We further quantified the vigor and sustainability of this AmB ion channel-mediated restoration of yeast cell growth. AmB-treated trk1Δtrk2Δ cells reached a maximum cell density that matched that of the wild type (Figure 2f), and the doubling time for AmB-rescued trk1Δtrk2Δ cells was only 1.7 times longer (Figure S3). Equivalent levels of cell viability in wild type and AmB-rescued trk1Δtrk2Δ cells were also observed (Figure S4). To probe the sustainability of this rescue effect, we reiterated the max cell density and doubling time experiments for over a month. Like wild type cells, the AmB-rescued trk1Δtrk2Δ cells showed sustained vigorous cell growth throughout this entire period of time (Figure 2g). Removing AmB from the media at any point resulted in rapid loss of growth for the trk1Δtrk2Δ cells. We further confirmed the mechanism-based hypothesis that a pre-formed AmB-ergosterol complex should retain the capacity to permeabilize yeast cells (Figure S2) but show substantially decreased cell killing.²¹ This pre-formed complex dramatically extended the range of concentrations over which rescue is observed (Figure 3h).

To probe the scope and limitations of this tolerance for imperfect mimicry of missing protein channels with small molecules, a series of additional ion transporting natural products were evaluated. Vigorous restoration of trk1Δtrk2Δ cell growth was observed with other small molecules that transport potassium, including nystatin, candicidin, and mepartricin, but not with those that selectively transport NH₄⁺ (nonactin), Cl⁻ (prodigiosin), and Ca²⁺ (calcimycin) (Figure 3).

Finally, we tested the mechanistic hypothesis that these potassium channel-forming small molecules restore physiology by collaborating with the V-ATPase and Pma1 proton pumps. Such a model predicts selective sensitivity of the small molecule-rescued mutants to chemical inhibition of these pumps. As a negative control, AmB-treated wild type and AmB-rescued trk1Δtrk2Δ cells were equally sensitive to nocodazole, an off-pathway inhibitor of microtubule dynamics (Figure 4a). In contrast, AmB-rescued trk1Δtrk2Δ cells were exceptionally sensitive to inhibition of V-ATPase with bafilomycin (Figure 4b) and Pma1 with ebselen (Figure 4c). Similar results were observed with nystatin-, candicidin-, and mepartricin-rescued trk1Δtrk2Δ cells (Figure d–f).

Figure 4.

(a) AmB-treated wild type S. cerevisiae and trk1Δtrk2Δ cells are equally sensitive to the off-pathway microtubule inhibitor nocodazole. (b) AmB-rescued trk1Δtrk2Δ cells are substantially more sensitive to the V-ATPase inhibitor bafilomycin compared to wild type cells. (c) AmB-rescued trk1Δtrk2Δ cells are substantially more sensitive to the Pma1 inhibitor ebselen than wild type cells. (d–f) EC₅₀ values for various inhibitors of cell growth against wild type (black bars) and trk1Δtrk2Δ cells (white bars) treated with optimum rescue concentrations of potassium-transporting polyene macrolide natural products AmB, nystatin, candicidin, and mepartricin.

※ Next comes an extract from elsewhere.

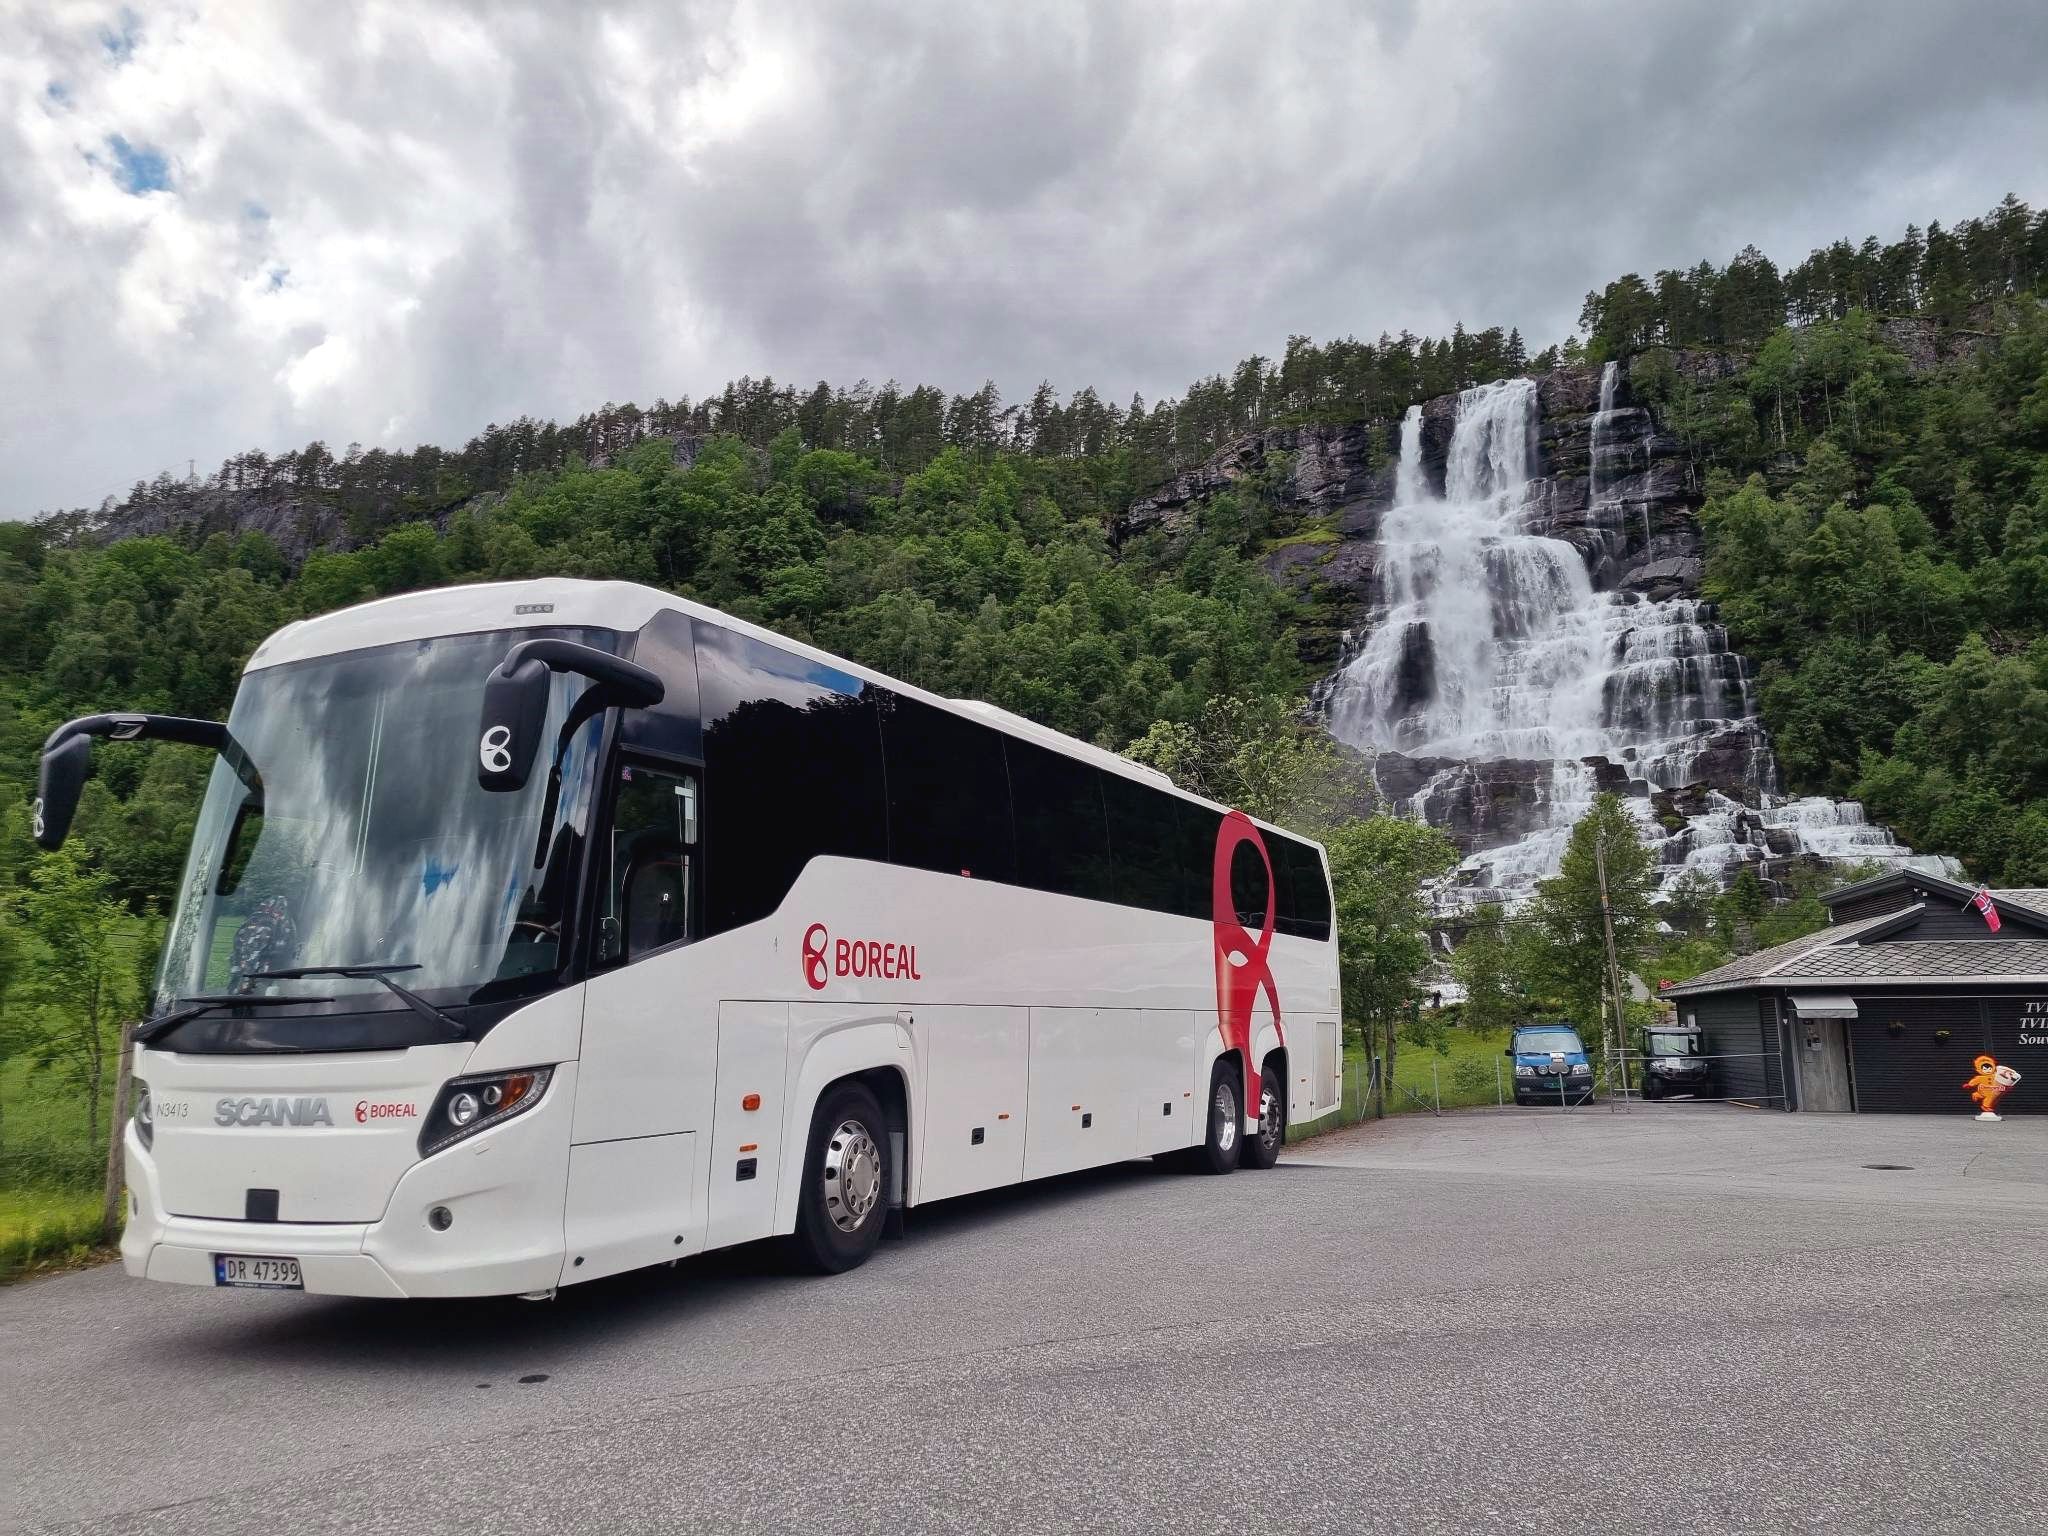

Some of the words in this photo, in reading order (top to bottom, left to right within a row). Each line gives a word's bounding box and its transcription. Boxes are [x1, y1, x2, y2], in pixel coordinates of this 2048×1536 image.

NS, not significant. * P ≤ 0.05. ** P ≤ 0.001. *** P ≤ 0.0001. Graphs depict means ± SEM.

Thus, imperfect small molecule mimics of mission protein ion channels can restore physiology in yeast, and evidence supports that this phenomenon is attributable to functional collaboration between small molecules channels and protein ion pumps. A common channels and pumps architecture is responsible for directional ion movement in organisms from yeast to humans,¹² suggesting that the same type of functional collaboration observed herein might enable small molecule surrogates for missing protein ion channels to impact on human disease.